Patients with presumed allergic rhinitis in conjunction with chronic sinusitis may benefit from an evaluation by an otolaryngologist trained in otolaryngic allergy or an allergist/immunologist. In most instances, prick/puncture tests are performed to clarify the role of allergies.
The goals of pharmacotherapy are to eradicate the infection, to reduce morbidity, and to prevent complications. Agents used in the treatment of chronic sinusitis include antibiotics, decongestants, nasal saline sprays, mast cell stabilizers, and expectorants.[69]
In June 2019, the FDA approved dupilumab for treatment of inadequately controlled severe chronic rhinosinusitis with nasal polyps (CRSwNP) in adults. Approval was supported by phase 3 clinical trials (eg, SINUS-24, SINUS-52) demonstrating significant improvement nasal congestion/obstruction, nasal polyps score, sinus opacification, and improvement in smell when added to standard-of-care mometasone furoate nasal spray compared with placebo plus mometasone.[41, 42, 43]
Antibiotics Summary
Criteria of antibiotic selection for the treatment of chronic sinusitis include the following:
Ideally, direct antibiotics against the organism obtained from endoscopic sampling and based on microbial sensitivity testing. If the patient is ill, empiric antimicrobial therapy may be indicated, which should be comprehensive and cover all likely pathogens in the context of the clinical setting. Duration of antibiotics is not well established. An initial 2- to 4-week trial of antibiotics may be reasonable. A longer duration (up to 12 mo) may be needed in some cases. After surgical management for uncomplicated chronic sinusitis is completed, antibiotics are of unclear benefit. Invasion of bone or deep structures may require a prolonged antibiotic course.
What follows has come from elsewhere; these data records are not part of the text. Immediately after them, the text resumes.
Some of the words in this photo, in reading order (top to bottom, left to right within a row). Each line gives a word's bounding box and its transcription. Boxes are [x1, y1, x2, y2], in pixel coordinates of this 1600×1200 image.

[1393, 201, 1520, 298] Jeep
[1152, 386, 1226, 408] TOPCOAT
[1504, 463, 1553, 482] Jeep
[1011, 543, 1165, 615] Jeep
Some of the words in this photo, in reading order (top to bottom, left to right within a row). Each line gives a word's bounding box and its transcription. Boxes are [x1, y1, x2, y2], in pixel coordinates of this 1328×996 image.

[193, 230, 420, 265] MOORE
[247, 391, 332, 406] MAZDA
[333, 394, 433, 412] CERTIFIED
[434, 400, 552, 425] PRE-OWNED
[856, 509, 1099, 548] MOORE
Currently, first-line antibiotics for patients with chronic sinusitis include amoxicillin-clavulanate, second-generation cephalosporins, and erythromycin-sulfasoxazole. Beta-lactamase–mediated resistance to the early second-generation cephalosporins is high among strains of Haemophilus influenzae and Moraxella catarrhalis. Cefixime, a third-generation cephalosporin, may be selected for infections caused by H influenzae or M catarrhalis, but it has a poor spectrum of activity against Streptococcus pneumoniae. The newer-generation macrolides, clarithromycin and azithromycin, achieve excellent mucosal levels and should be considered in patients with penicillin allergies. Some recent studies suggest that macrolides may also have some anti-inflammatory effects. Clindamycin should be reserved for resistant S pneumoniae.
Antimicrobials effective against S aureus may also be needed. Whenever methicillin-resistant S aureus (MRSA) is present, vancomycin or linezolid should be administered.
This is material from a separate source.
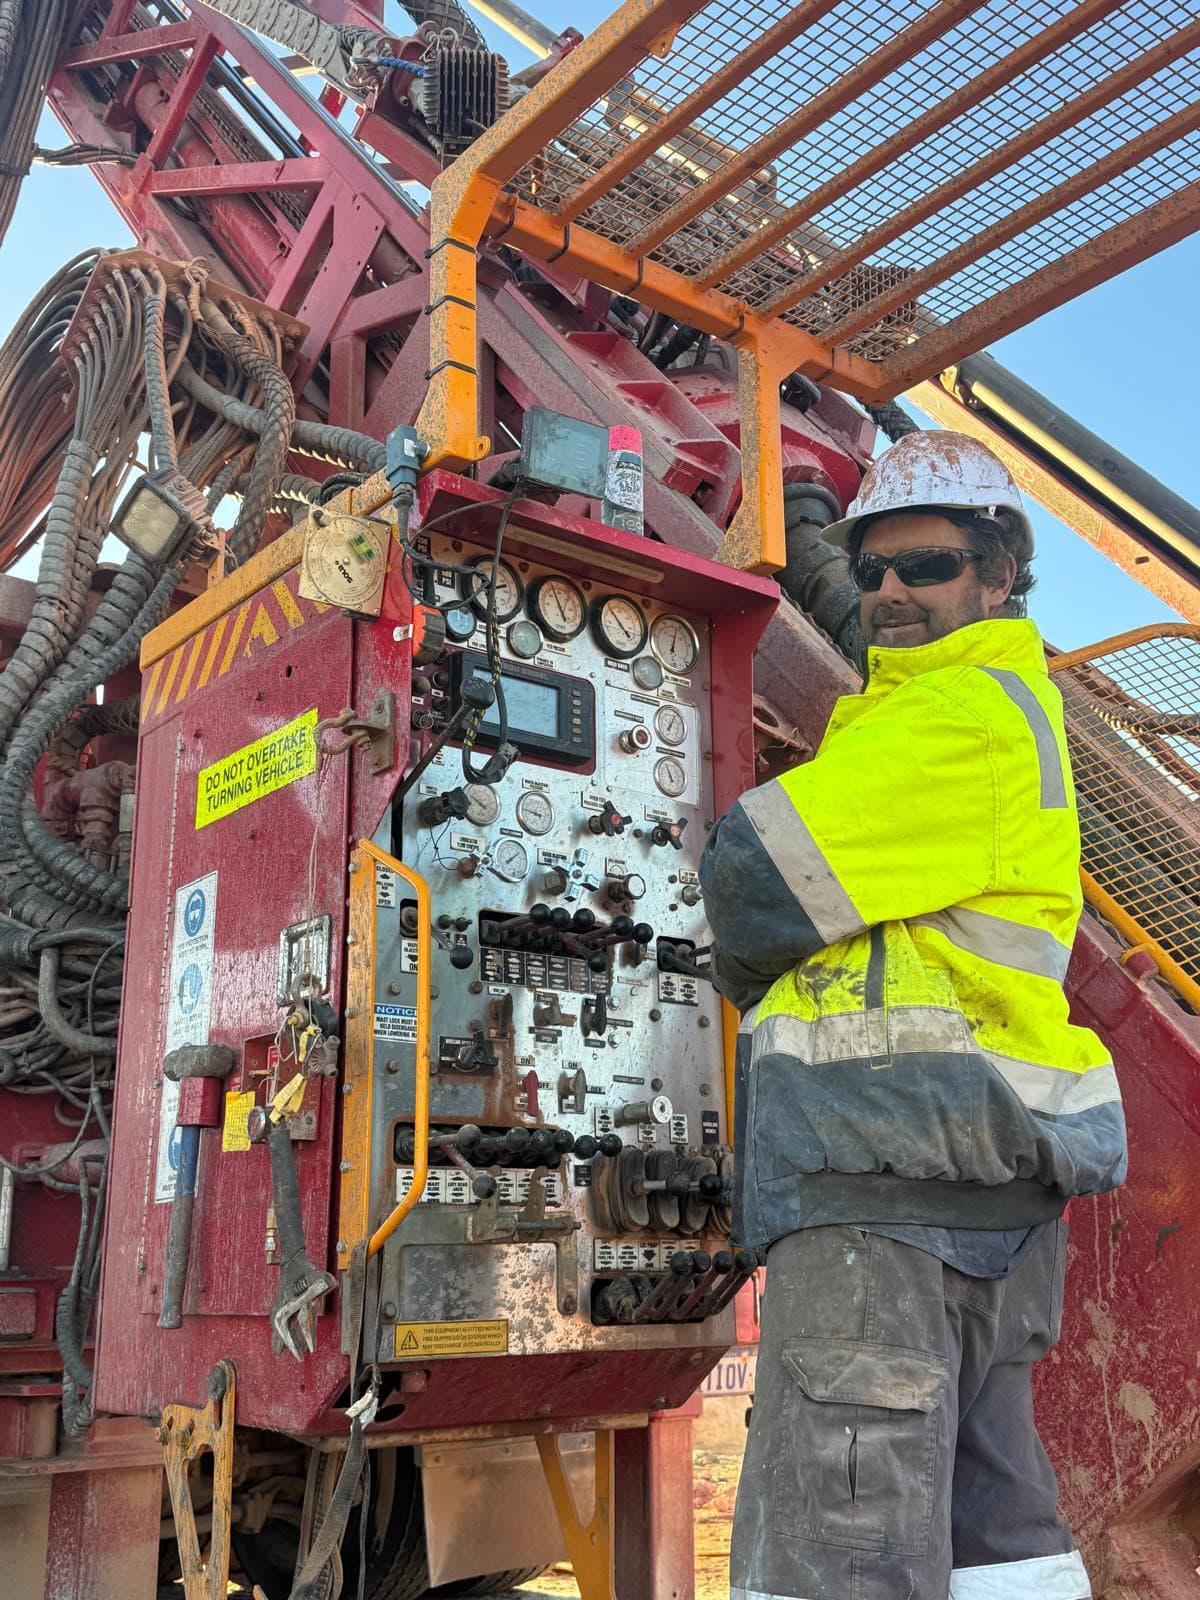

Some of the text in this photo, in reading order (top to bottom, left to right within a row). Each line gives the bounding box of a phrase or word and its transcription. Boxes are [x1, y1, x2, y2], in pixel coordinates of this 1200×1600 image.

Antibiotics can also be administered topically with or without a nebulizer. This mode of administration is used in patients who have had prior sinus surgery.[70] The antimicrobials used are mupirocin, gentamicin, or tobramycin.
Clinical Context: Amoxicillin interferes with synthesis of cell wall mucopeptides during active multiplication, resulting in bactericidal activity against susceptible bacteria.
Clinical Context: This drug combination treats bacteria resistant to beta-lactam antibiotics.
The penicillins are bactericidal antibiotics that work against sensitive organisms at adequate concentrations and inhibit the biosynthesis of cell wall mucopeptide. Examples of penicillins include amoxicillin (Amoxil, Trimox, Moxatag) and combination products such as amoxicillin-clavulanate (Augmentin, Augmentin XR, Augmentin ES).
Clinical Context: Cefuroxime is a second-generation cephalosporin that maintains gram-positive activity of first-generation cephalosporins; it also adds activity against Proteus mirabilis, H influenzae, Escherichia coli, Klebsiella pneumoniae, and M catarrhalis. The condition of the patient, severity of infection, and susceptibility of the microorganism determine the proper dose and route of administration.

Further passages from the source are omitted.